Looking back at my younger self, I realize how stupid I was. Like many of the baby boomer generation, I thought budgets were for little old ladies living on Social Security. Personal finance was something that 40-something married guys with kids and minivans worried about. I was doing just fine without either. I had credit cards!
Credit was easy to get, and each new card was a reason to celebrate. I bought the latest electronics, decorated my house, and indulged my clothes shopping addiction. I had a good job, so paying the bills when they came in was not a problem. The limits kept increasing, so I spent more. I never worried about saving and lived from paycheck to paycheck, never imagining that the next payday might not come.
Boy was I wrong. At 52, I am living on that budget I thought was years in my future, and I am regretting my cavalier attitude toward credit card debt. How did I get into such a situation?
In 2005, I lost my job when I took leave to have surgery and my boss replaced me during my absence. At the age of 45, I found myself in a situation that many of my fellow boomers would also be facing when the economy tanked in 2008: I was jobless, with little savings and lots of debt.
For over a year, I lived off an unemployment check and my credit cards. I maxed them out trying to maintain my standard of living, started paying the minimum payments, and eventually could not afford to pay them at all. Creditors were calling daily and my good credit rating took a nosedive. All I wanted to do was ignore the situation and hope it would go away, but I eventually had to face the fact that I had brought this on myself with my careless money management.

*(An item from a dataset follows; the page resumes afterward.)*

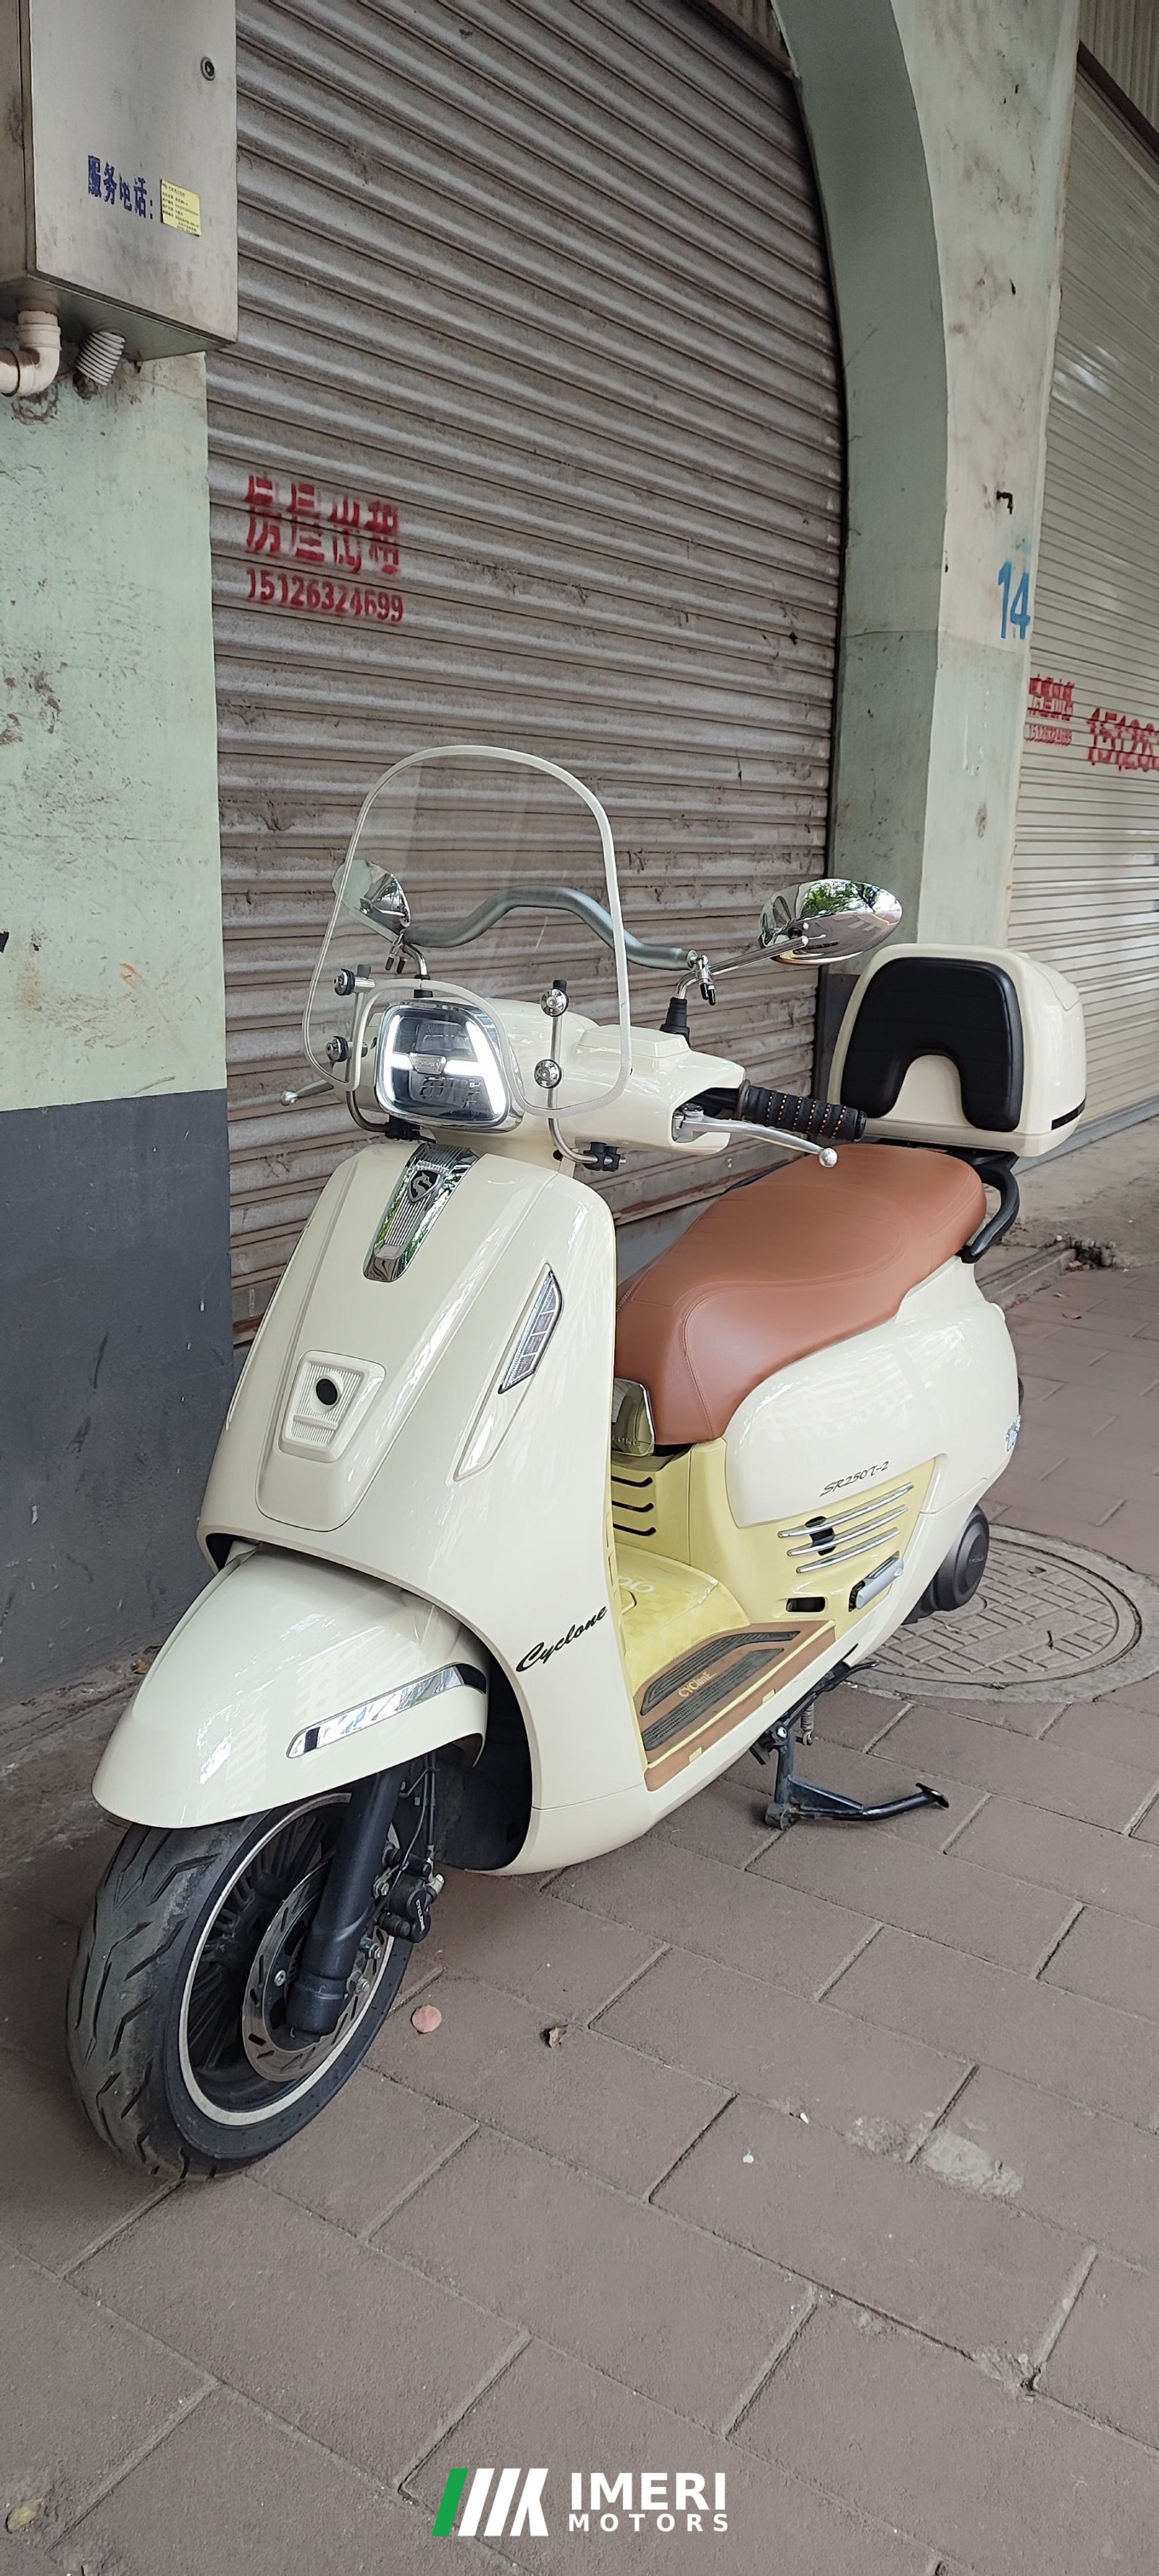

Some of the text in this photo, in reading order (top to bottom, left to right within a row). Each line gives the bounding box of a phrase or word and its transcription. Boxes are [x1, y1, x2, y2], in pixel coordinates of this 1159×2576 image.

I knew I had to do something, but curbing my spending and following a budget was one of the hardest things I ever had to do.
Today I consider myself lucky because I did eventually find another job. Although it was not a high paying one, at least it was an income and I was able to start digging my way out of the financial pit I had created. By sticking to a budget, I have managed to pay off over half of my credit card debt. The light at the end of the tunnel is getting a little brighter now, but I regret that the money I thought I would be putting away in my 50's to enjoy my golden years is now going toward making sure that I have enough to survive them.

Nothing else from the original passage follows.